Would you copy the lines below exactly and omit the images?

++++ Data shown

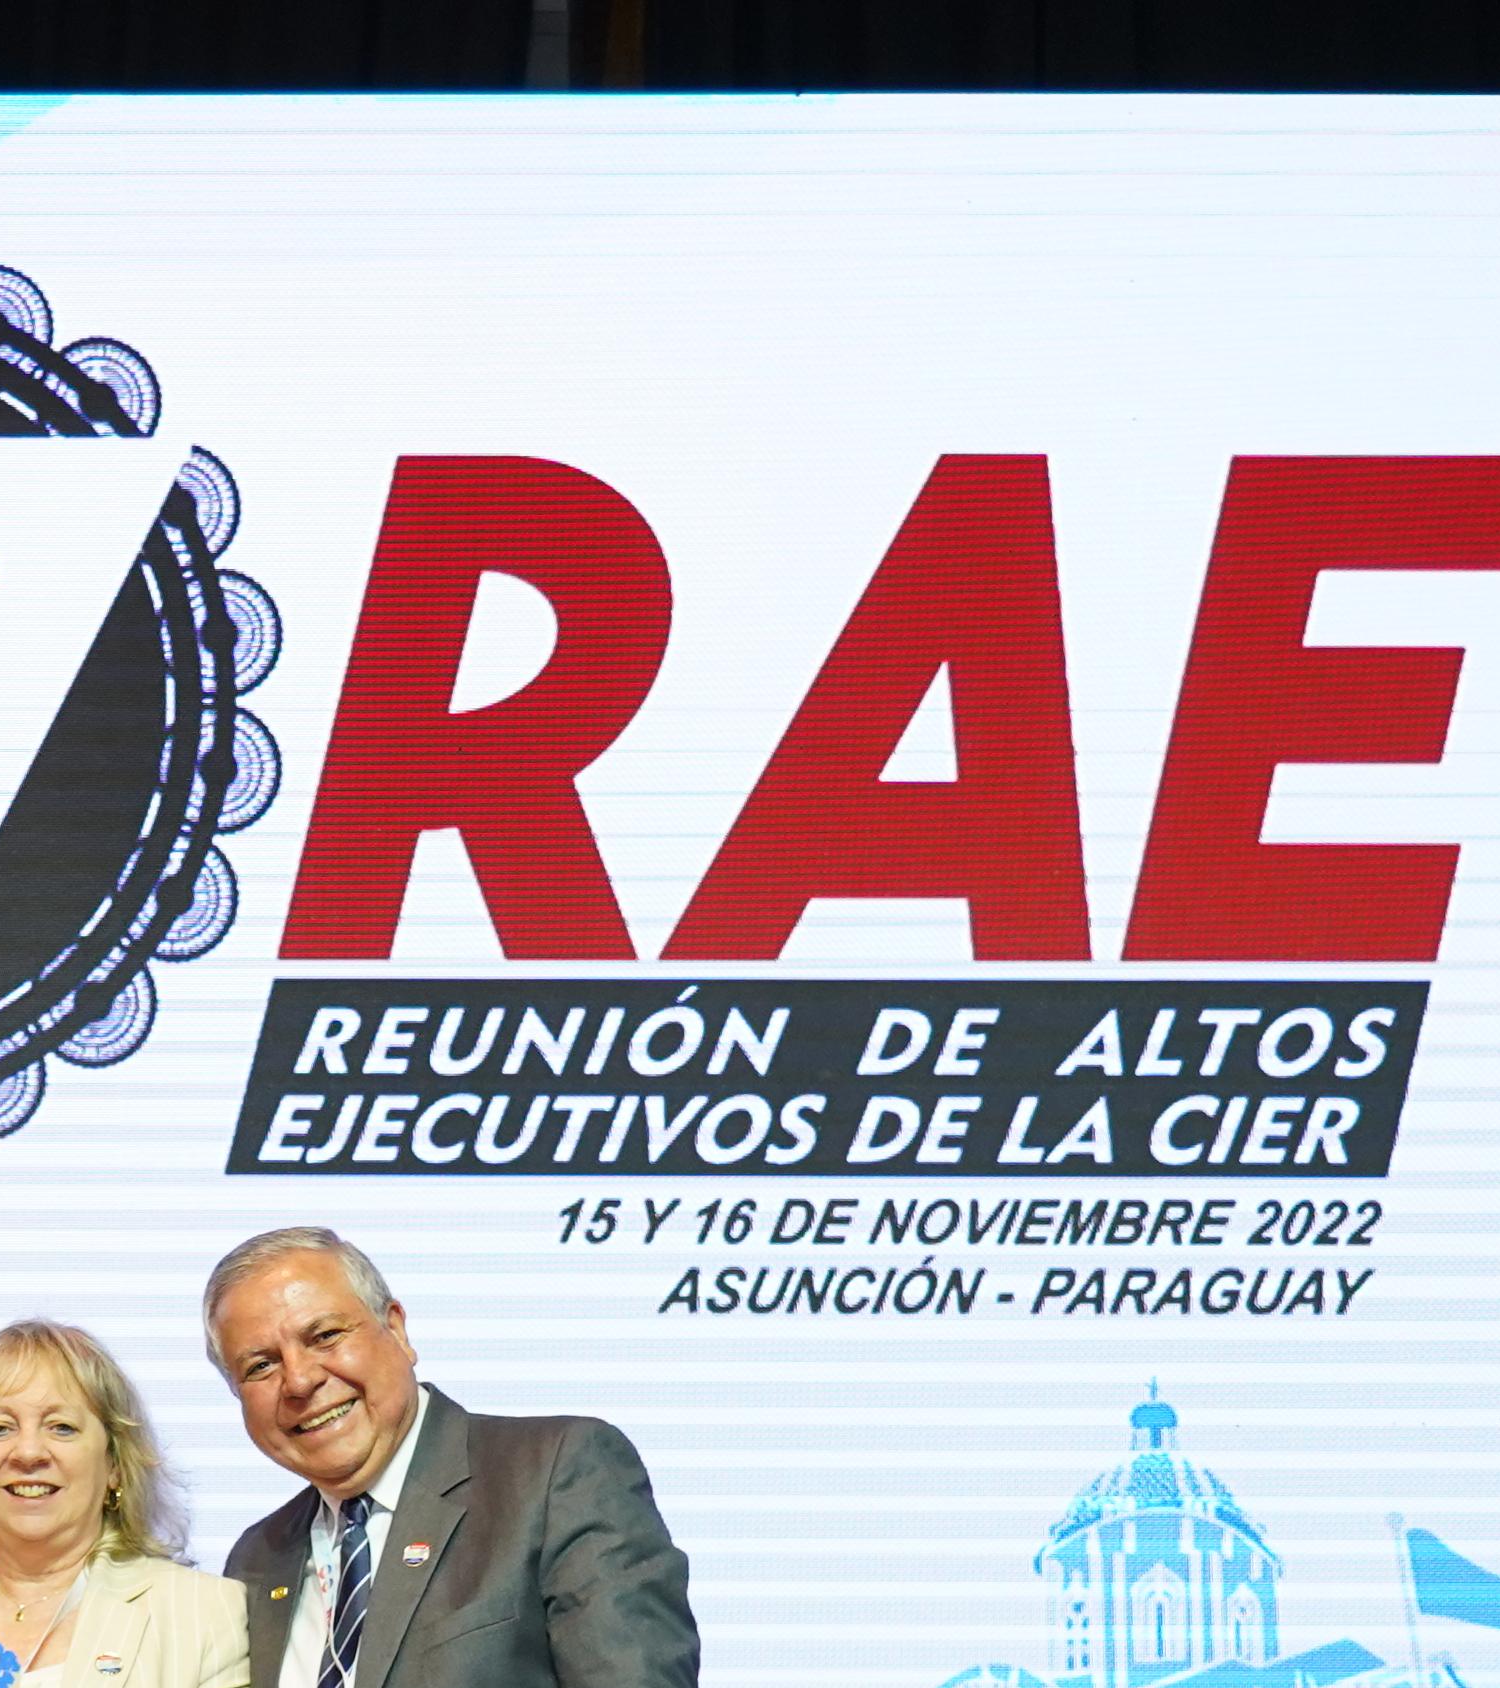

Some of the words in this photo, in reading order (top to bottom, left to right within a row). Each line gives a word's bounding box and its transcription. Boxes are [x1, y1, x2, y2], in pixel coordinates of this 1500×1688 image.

[293, 985, 790, 1076] REUNIÓN
[856, 1008, 1000, 1077] DE
[1055, 1008, 1396, 1078] ALTOS
[257, 1094, 826, 1164] EJECUTIVOS
[846, 1096, 982, 1164] DE
[997, 1096, 1114, 1165] LA
[1148, 1095, 1361, 1165] CIER
[559, 1199, 620, 1244] 15
[642, 1199, 681, 1244] Y
[696, 1199, 757, 1245] 16
[769, 1199, 858, 1245] DE
[869, 1199, 1236, 1246] NOVIEMBRE
[1248, 1200, 1382, 1246] 2022
[658, 1256, 984, 1315] ASUNCIÓN
[1031, 1268, 1373, 1315] PARAGUAY
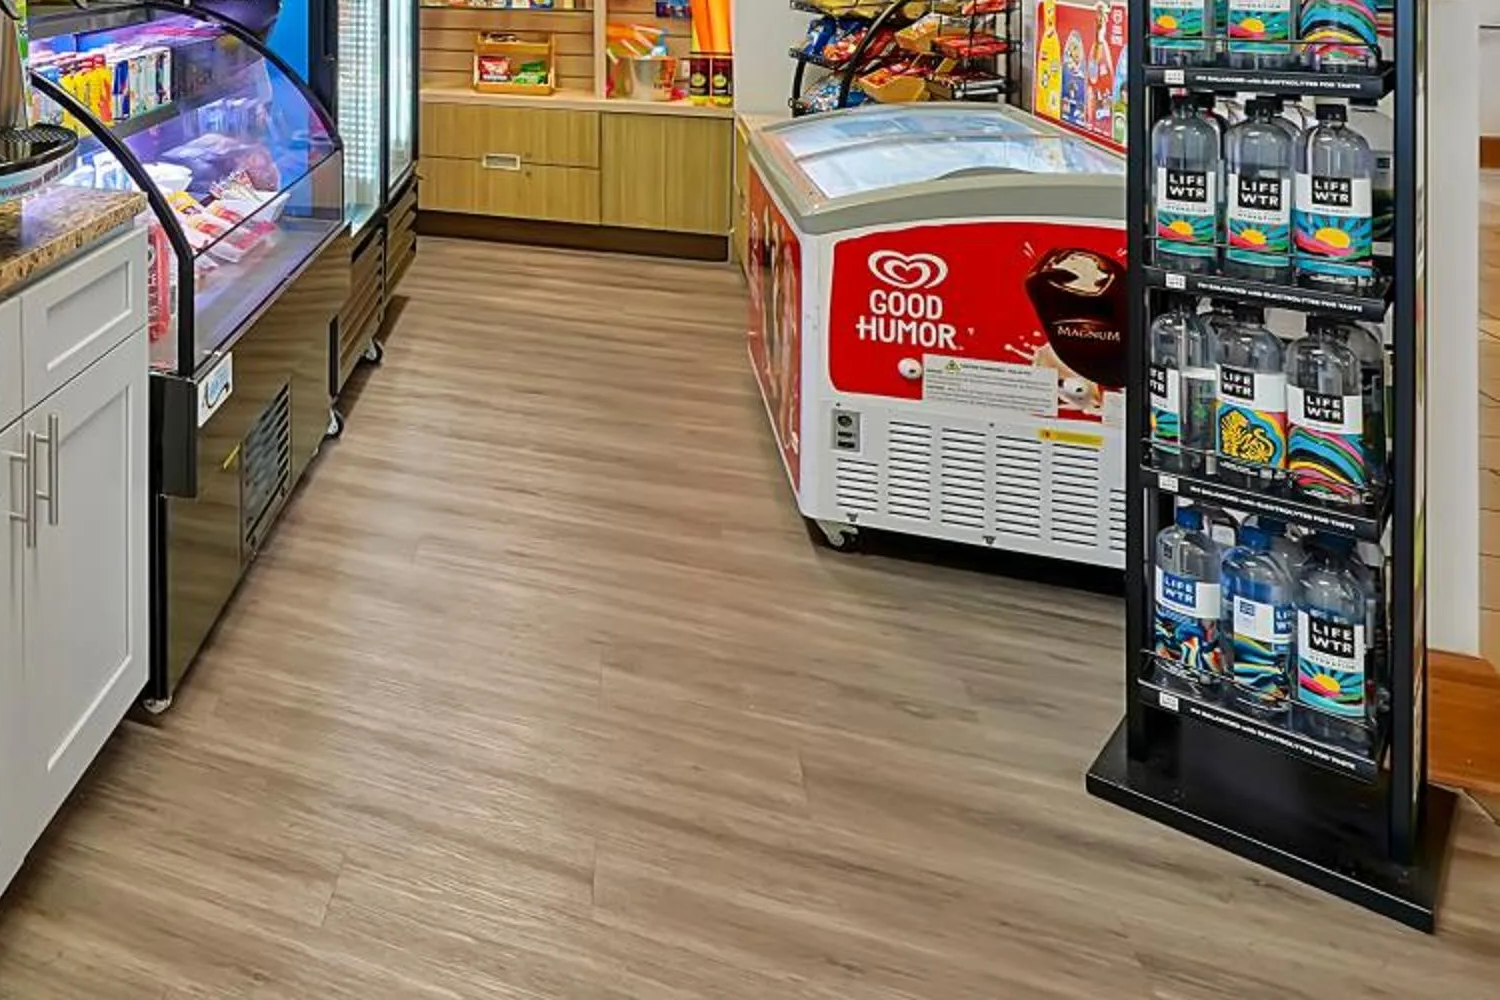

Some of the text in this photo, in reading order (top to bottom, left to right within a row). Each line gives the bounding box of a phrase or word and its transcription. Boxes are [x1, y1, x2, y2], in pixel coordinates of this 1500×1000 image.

[1169, 174, 1205, 186] LIFE
[1241, 180, 1279, 194] LIFE
[1315, 180, 1349, 193] LIFE
[1169, 186, 1205, 199] WTR
[1315, 191, 1349, 203] WTR
[1241, 193, 1280, 208] WTR
[870, 289, 943, 319] GOOD
[856, 315, 957, 350] HUMOR
[1057, 324, 1121, 342] MAGNUM
[1222, 371, 1251, 385] LIFE
[1306, 395, 1341, 409] LIFE
[1306, 407, 1343, 421] WTR
[1164, 577, 1193, 593] LIFE
[1164, 588, 1195, 603] WTR
[1312, 622, 1353, 641] LIFE
[1312, 635, 1353, 654] WTR
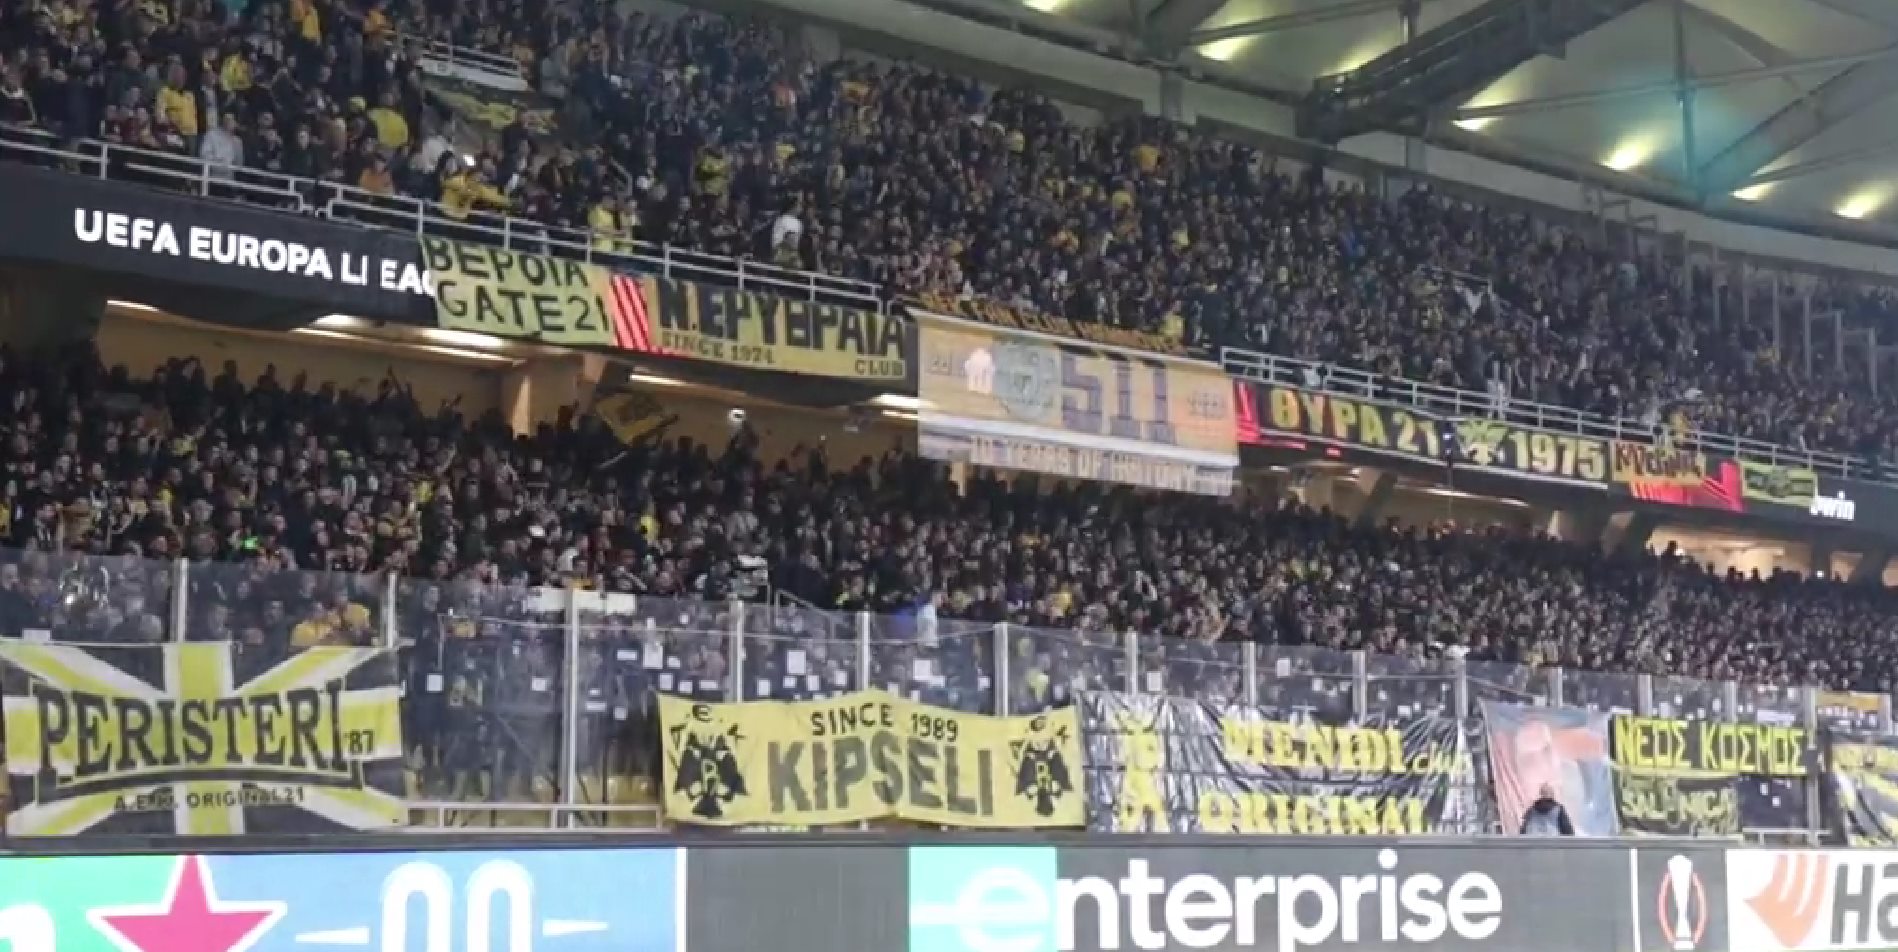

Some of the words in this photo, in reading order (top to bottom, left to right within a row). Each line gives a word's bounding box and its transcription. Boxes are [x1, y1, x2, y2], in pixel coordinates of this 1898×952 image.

[74, 208, 181, 256] UEFA
[189, 225, 333, 280] EUROPA
[854, 358, 904, 376] CLUB
[1392, 410, 1440, 456] 21
[1509, 430, 1606, 481] 1975
[33, 677, 352, 780] PERISTERI
[811, 702, 893, 737] SINCE
[911, 712, 959, 742] 1989
[1614, 712, 1692, 772] ΝΕΟΣ
[1698, 719, 1809, 776] ΚΟΣΜΟΣ
[766, 730, 994, 817] KIPSELI
[954, 848, 1503, 952] enterprise

++++++++

### Task response
Some of the words in this photo, in reading order (top to bottom, left to right within a row). Each line gives a word's bounding box and its transcription. Boxes are [x1, y1, x2, y2], in pixel coordinates of this 1500×1688 image.

[293, 985, 790, 1076] REUNIÓN
[856, 1008, 1000, 1077] DE
[1055, 1008, 1396, 1078] ALTOS
[257, 1094, 826, 1164] EJECUTIVOS
[846, 1096, 982, 1164] DE
[997, 1096, 1114, 1165] LA
[1148, 1095, 1361, 1165] CIER
[559, 1199, 620, 1244] 15
[642, 1199, 681, 1244] Y
[696, 1199, 757, 1245] 16
[769, 1199, 858, 1245] DE
[869, 1199, 1236, 1246] NOVIEMBRE
[1248, 1200, 1382, 1246] 2022
[658, 1256, 984, 1315] ASUNCIÓN
[1031, 1268, 1373, 1315] PARAGUAY

Some of the text in this photo, in reading order (top to bottom, left to right within a row). Each line gives the bounding box of a phrase or word and its transcription. Boxes are [x1, y1, x2, y2], in pixel coordinates of this 1500×1000 image.

[1169, 174, 1205, 186] LIFE
[1241, 180, 1279, 194] LIFE
[1315, 180, 1349, 193] LIFE
[1169, 186, 1205, 199] WTR
[1315, 191, 1349, 203] WTR
[1241, 193, 1280, 208] WTR
[870, 289, 943, 319] GOOD
[856, 315, 957, 350] HUMOR
[1057, 324, 1121, 342] MAGNUM
[1222, 371, 1251, 385] LIFE
[1306, 395, 1341, 409] LIFE
[1306, 407, 1343, 421] WTR
[1164, 577, 1193, 593] LIFE
[1164, 588, 1195, 603] WTR
[1312, 622, 1353, 641] LIFE
[1312, 635, 1353, 654] WTR

Some of the words in this photo, in reading order (top to bottom, left to right within a row). Each line gives a word's bounding box and its transcription. Boxes are [x1, y1, x2, y2], in pixel coordinates of this 1898×952 image.

[74, 208, 181, 256] UEFA
[189, 225, 333, 280] EUROPA
[854, 358, 904, 376] CLUB
[1392, 410, 1440, 456] 21
[1509, 430, 1606, 481] 1975
[33, 677, 352, 780] PERISTERI
[811, 702, 893, 737] SINCE
[911, 712, 959, 742] 1989
[1614, 712, 1692, 772] ΝΕΟΣ
[1698, 719, 1809, 776] ΚΟΣΜΟΣ
[766, 730, 994, 817] KIPSELI
[954, 848, 1503, 952] enterprise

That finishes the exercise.